Appellant, in his points and authorities and argument, seeks to establish by the proof that was offered, that the offenses charged in each of the affidavits grew out of the same 3. transaction; and quotes the test applied in some jurisdictions to sustain the plea known as "the same transaction test." This test has been expressly repudiated in this state. State v. Elder (1879), 65 Ind. 282, 32 Am. Rep. 69. The courts of this state however have leaned more strongly to the "identity of offense" test, which is that the second charge must be for the same identical act and crime as that charged by the first affidavit or indictment upon which defendant had been placed in jeopardy. This test is in harmony with the constitutional guarantee. Mood v. State, supra. This test, as usually stated in the decisions of this court, is whether if what is set out in the second indictment had been proved under the first, there could have been a conviction, State v. Reed (1907), 168 Ind. 588, 591; or stated another way: "Would the same evidence be necessary to secure a conviction in the pending, as in the former prosecution," Smith v. State (1882),85 Ind. 553, 557. This rule however is subject to exceptions. It will be noted that the Bill of Rights guarantees that "no person shall be put twice in jeopardy for the same offense." Even though it might be presumed that the "unlawful disposal of *61 whisky" as charged in the affidavit in the case at bar, and the "unlawful sale of intoxicating liquor" as charged in the first affidavit, occurred on the same day, December 19, 1922, in the absence of any allegation in the first affidavit as to whom such sales were made, there is no proof to show that the charge in the first affidavit, as tried in the city court, was for sales of intoxicating liquor or whisky to the persons named in the second affidavit. The offenses charged must not only be the same in law, as would be shown by the instruments which charged the offenses, but that such offenses must be the same in fact. In other words, the offenses, in order to be the same, must be the same act and crime.

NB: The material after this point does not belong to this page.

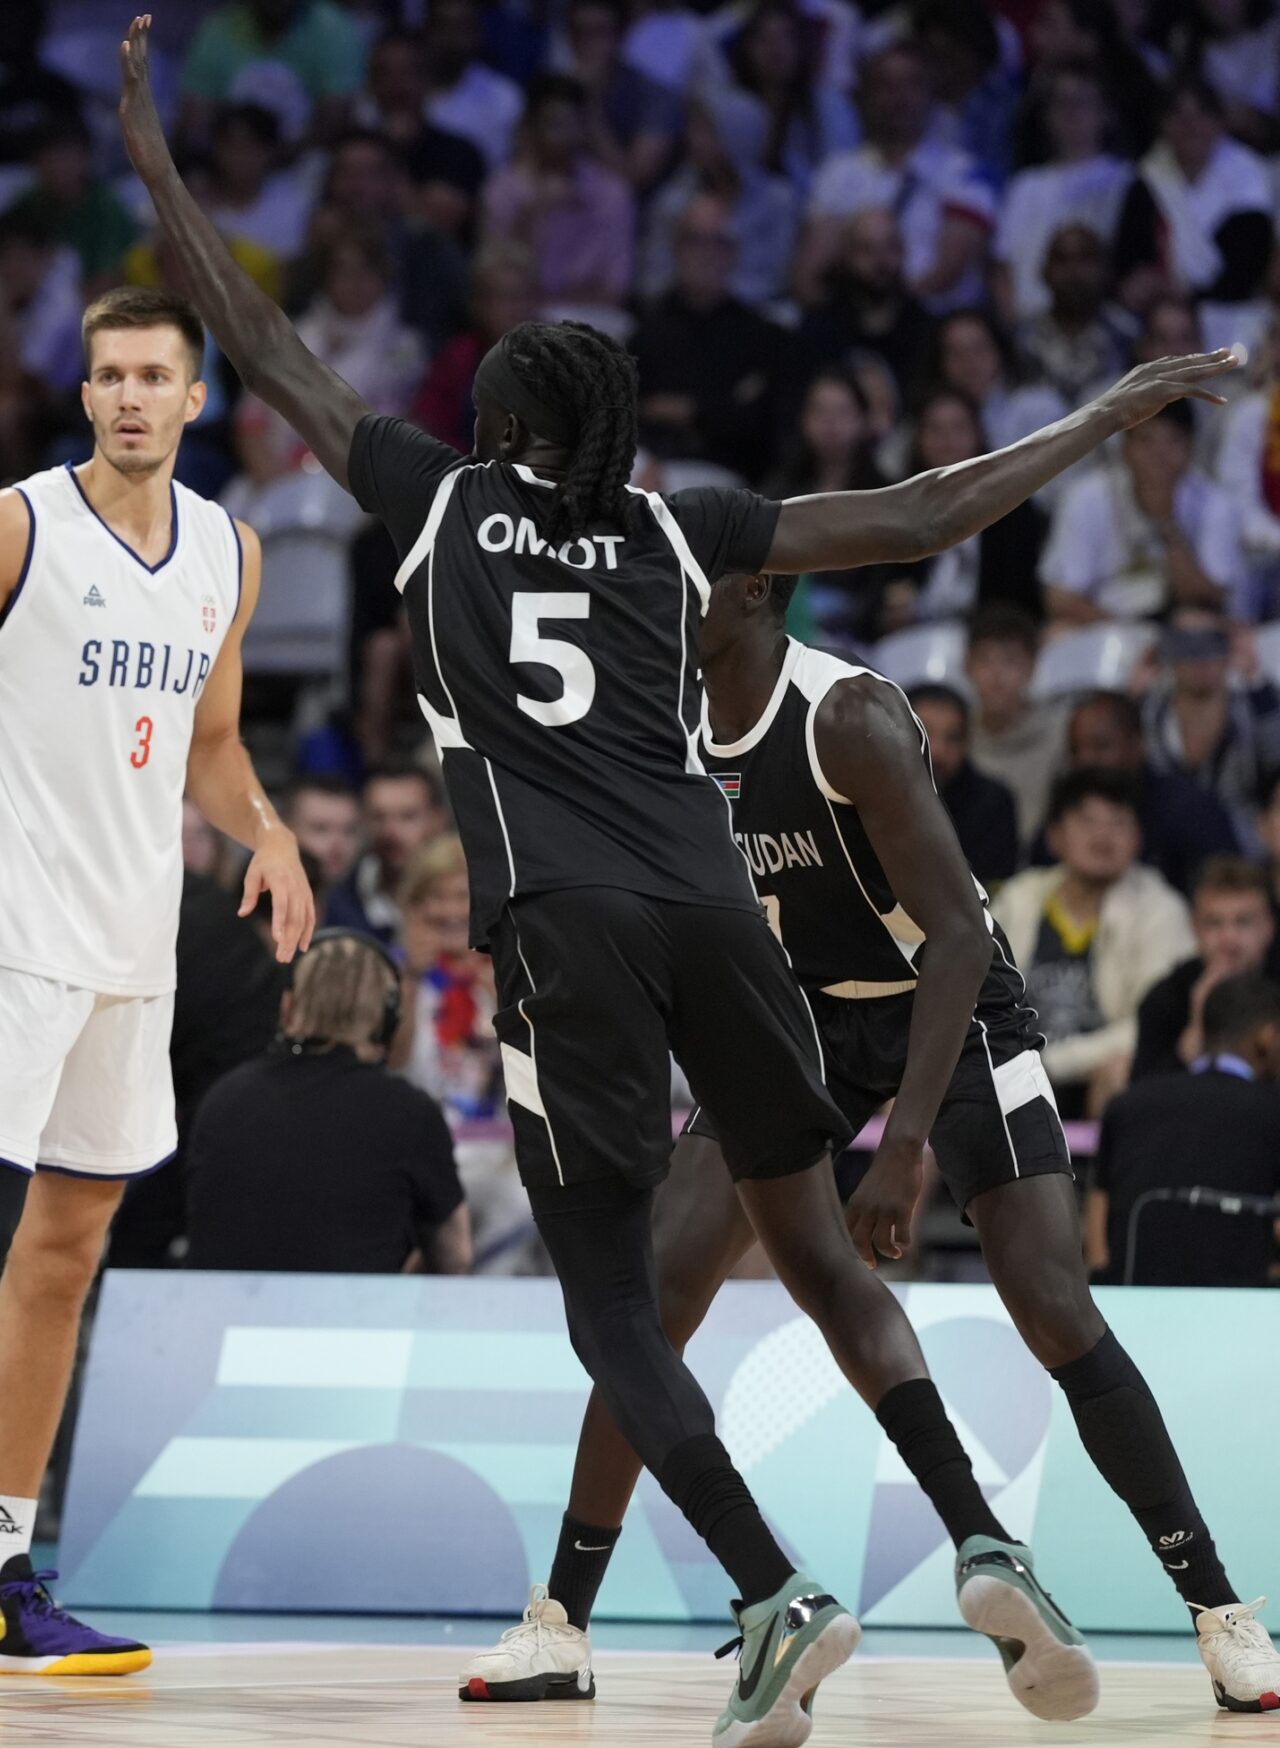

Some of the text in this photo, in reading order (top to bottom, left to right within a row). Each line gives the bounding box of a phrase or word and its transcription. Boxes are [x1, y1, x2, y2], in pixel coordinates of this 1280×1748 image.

[477, 513, 626, 570] OMOT
[509, 591, 596, 727] 5
[130, 715, 154, 769] 3

This is in harmony with the first authoritative text on this matter: "The pleas of autrefois acquit and autrefois convict, or a former acquittal and former conviction, must be upon a prosecution for the same identical act and crime." Blackstone's Commentaries, Bk. 4, p. 336.

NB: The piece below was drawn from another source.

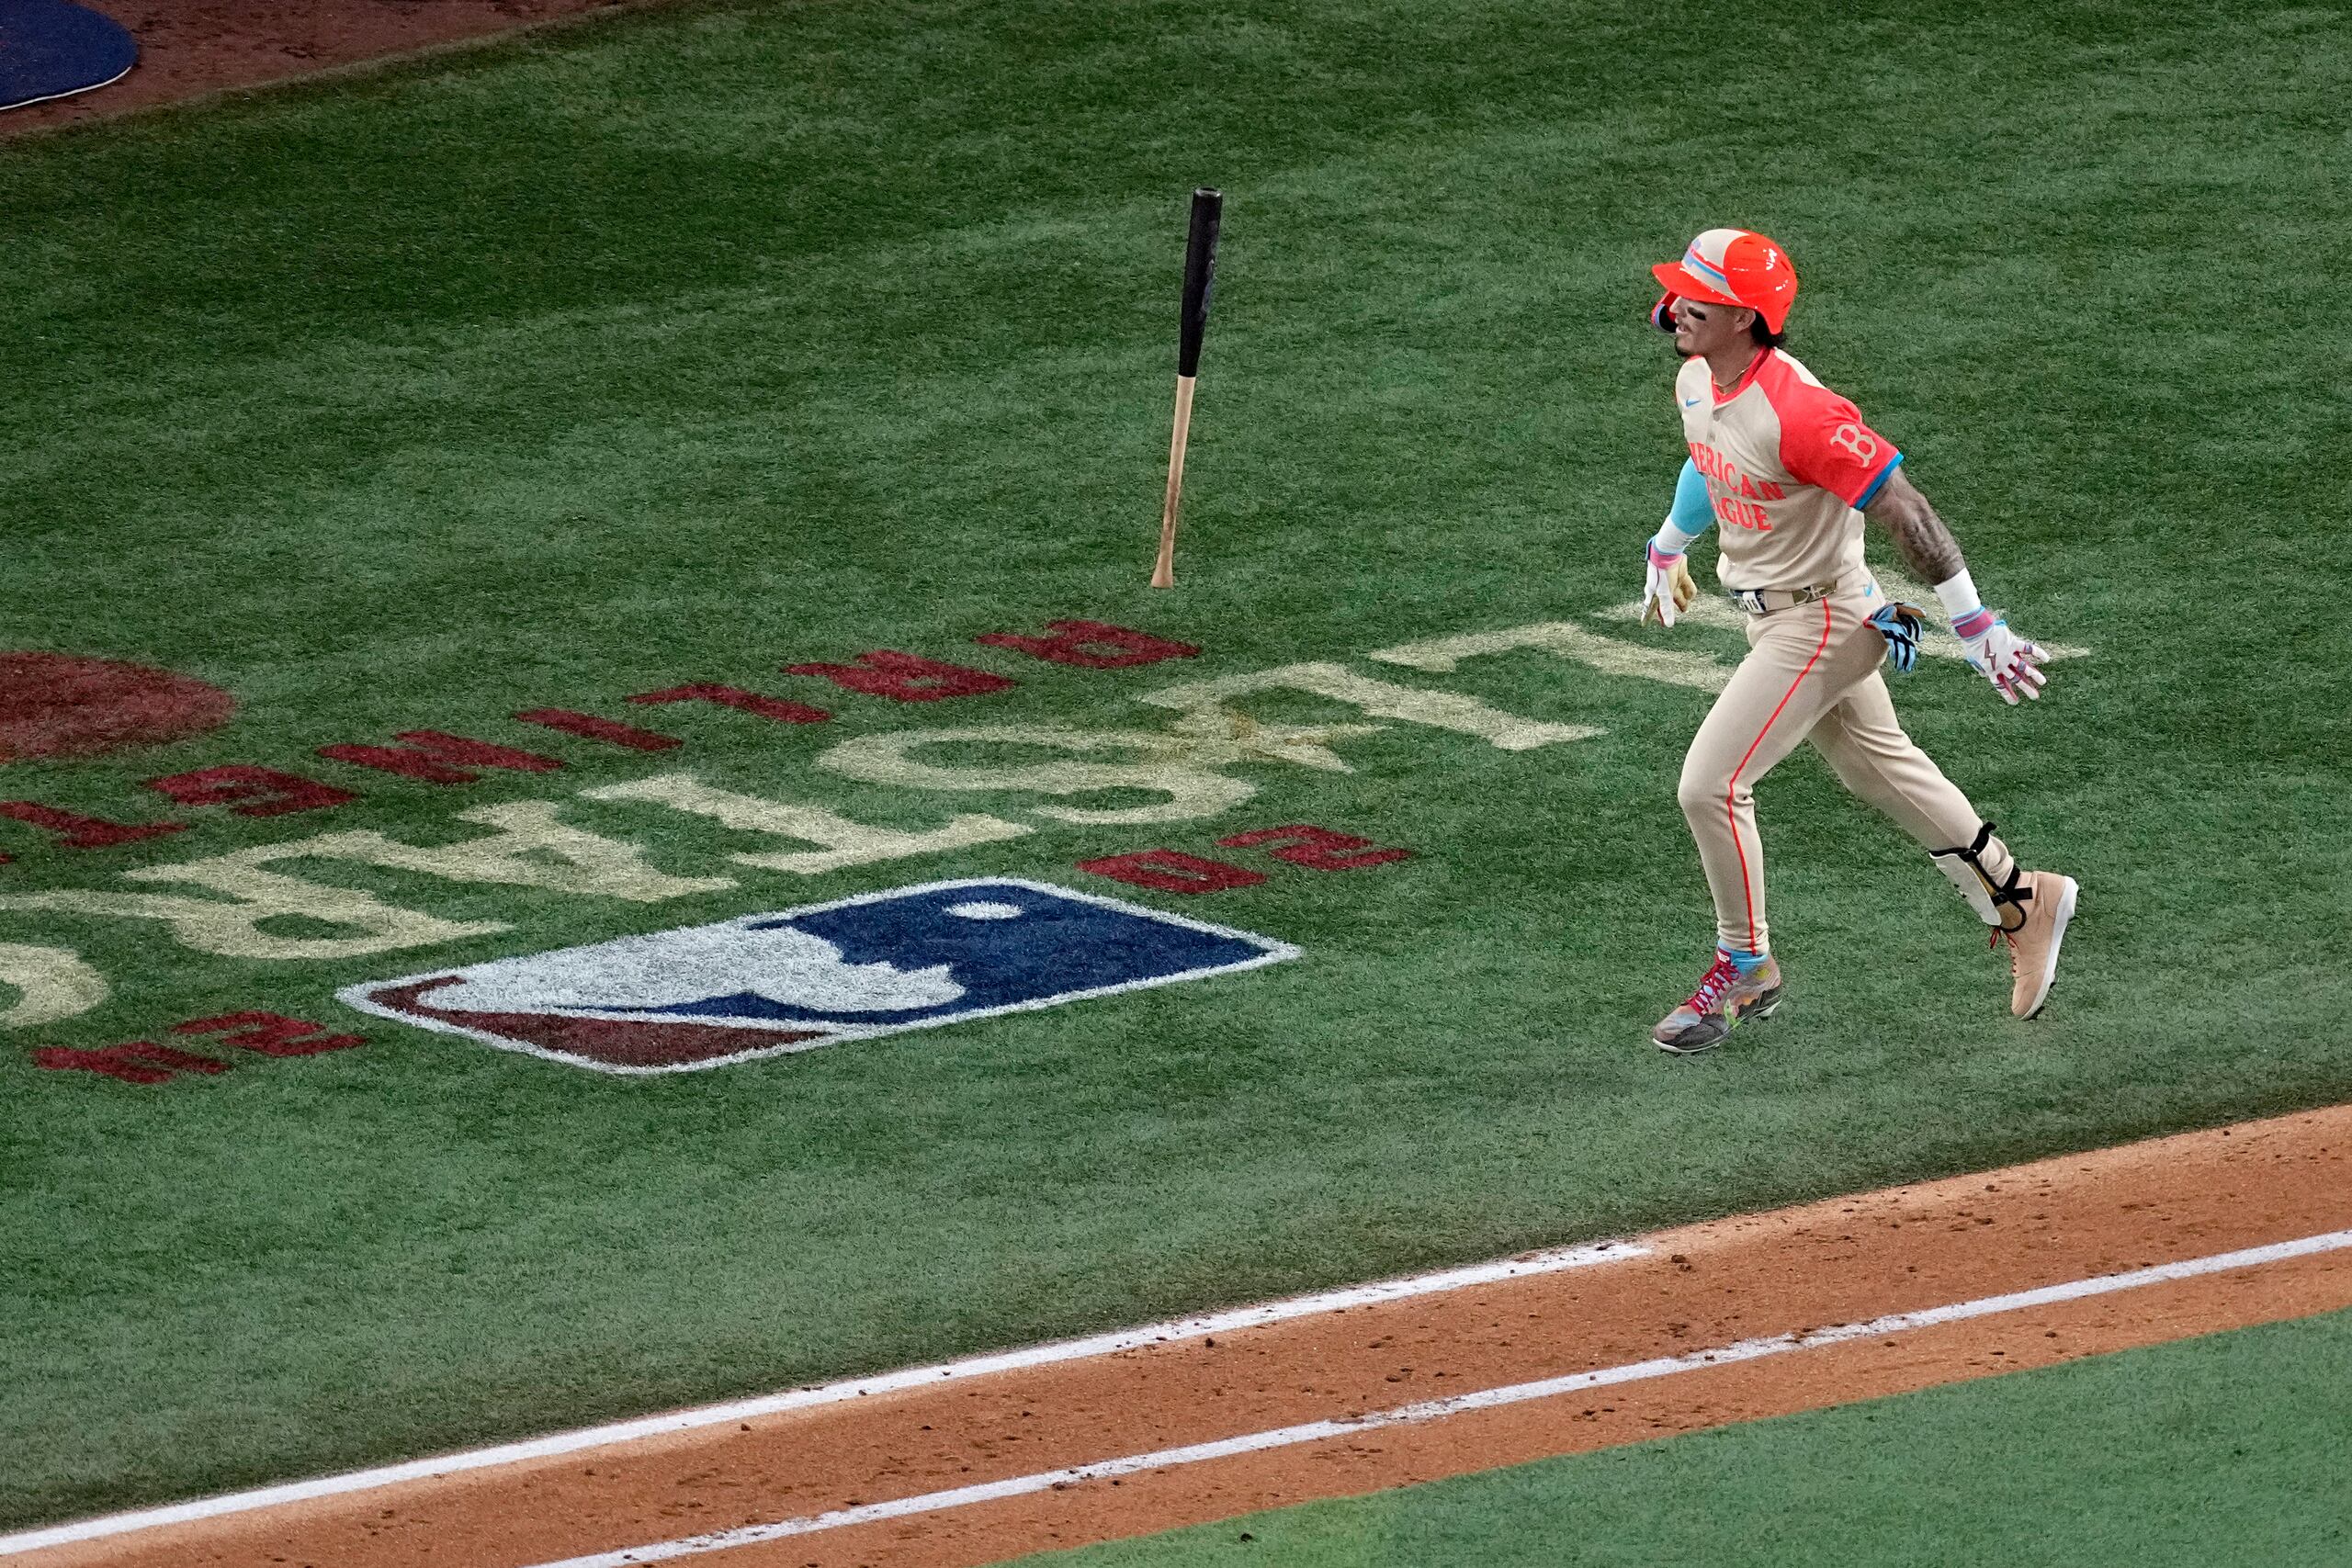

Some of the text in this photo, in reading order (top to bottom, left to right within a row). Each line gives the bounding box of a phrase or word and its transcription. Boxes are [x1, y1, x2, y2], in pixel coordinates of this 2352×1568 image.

[1689, 442, 1787, 502] ERICAN
[1830, 423, 1877, 468] B
[0, 619, 1200, 866] ARLINGT
[1079, 824, 1415, 896] 20

Evidence was introduced in support of the plea upon the question of the two offenses being the same in law, by having both affidavits before the court. But there was no evidence 4. given in support of the plea that the offenses were the same in fact. In this state each sale of intoxicating liquor in violation of the statute is a separate and distinct offense, even though the sales occur upon the same day.Lebkovitz v. State (1887), 113 Ind. 26, 27.

The evidence in support of the special plea does not show any testimony given at the trial under the first affidavit, nor to whom the sales may have been made. For aught that the record shows the sales may have been upon widely separated dates and to different persons, each of which would have been a separate and distinct offense. *62

It may be asserted to be the general rule that, in order to bar a prosecution by a plea of former jeopardy, it is not sufficient for the defendant to show that he has been indicted, and 5. either acquitted or convicted, since the date of the offense then alleged against him. He must also prove that the former acquittal or conviction was for the same offense now complained of. People v. Gault (1895), 104 Mich. 575, 578, 62 N.W. 724; Black, Intoxicating Liquor § 555; State v. Andrews (1858), 27 Mo. 267; State v. Shafer (1878), 20 Kans. 226;State v. Blahut (1886), 48 Ark. 34, 2 S.W. 190.

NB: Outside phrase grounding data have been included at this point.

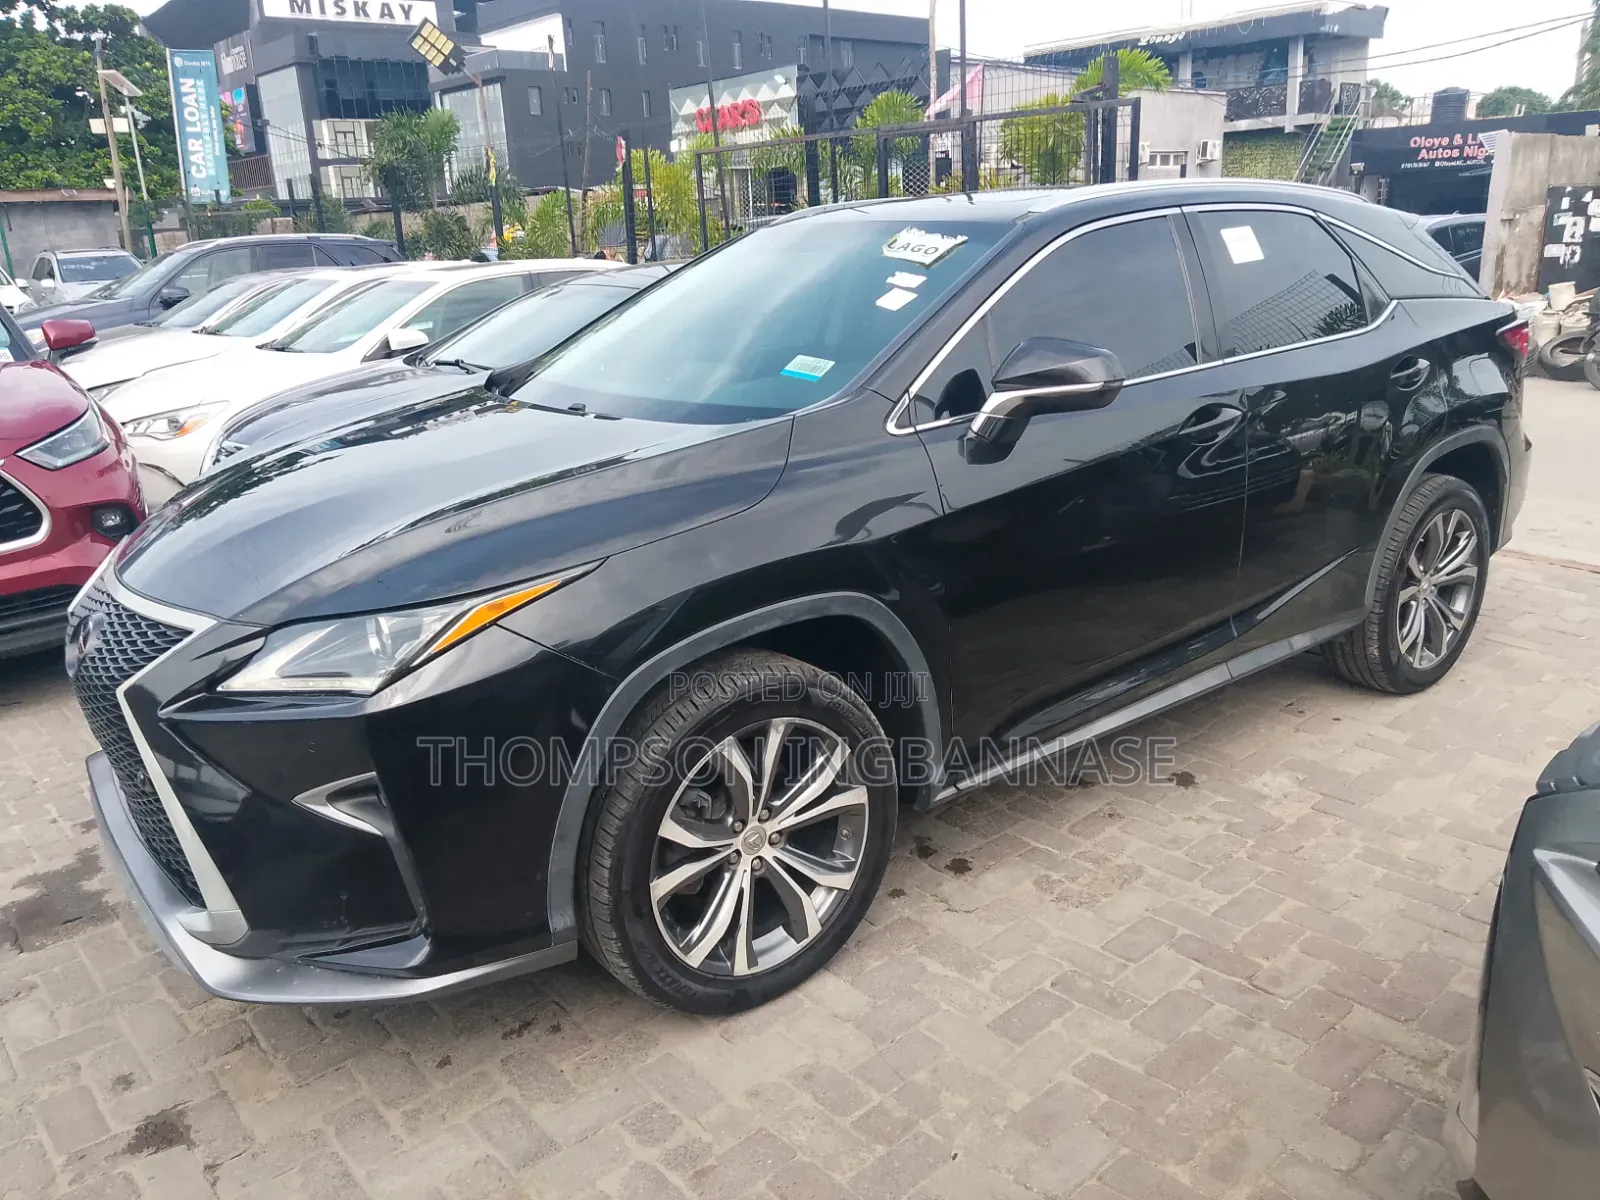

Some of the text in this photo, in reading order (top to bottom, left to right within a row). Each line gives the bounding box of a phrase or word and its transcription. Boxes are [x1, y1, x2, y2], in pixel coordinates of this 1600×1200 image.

[288, 0, 413, 20] MISKAY
[179, 77, 206, 178] CAR LOAN
[1410, 136, 1450, 149] Oloye
[1453, 133, 1463, 145] &
[1418, 148, 1460, 160] Autos

It cannot be presumed that proof of the facts alleged in the second affidavit would have warranted a conviction upon the first affidavit as to point of time. The two affidavits are not contemporaneous in that both do not cover the same and exact period of time laid down by the statute of limitations. Under the first affidavit it might have been possible to convict for a sale made December 21, 1920, which was within the two years prior to the date of the making and filing of the affidavit, but such date does not come within the two year period of limitation applicable to the second affidavit which was filed on December 28, 1922. In proof of sales of liquor under either affidavit, the state was not confined to the date named in the count which charged the offense, as the date on which such sale was made, but had the right to show that the appellant had made such sales and thereby offended the statute at any time within the period defined by the statute of limitations. Whether the same act was proved or attempted to be proved upon the trial under the first affidavit would be a question of fact, and jeopardy under the first trial would only be a bar to a further prosecution for such offenses as were proved or attempted to be proved in the trial which occurred December 20, 1922, upon the *63 first affidavit. Proof of this, of course, would have to be shown by extrinsic evidence aliunde to the record.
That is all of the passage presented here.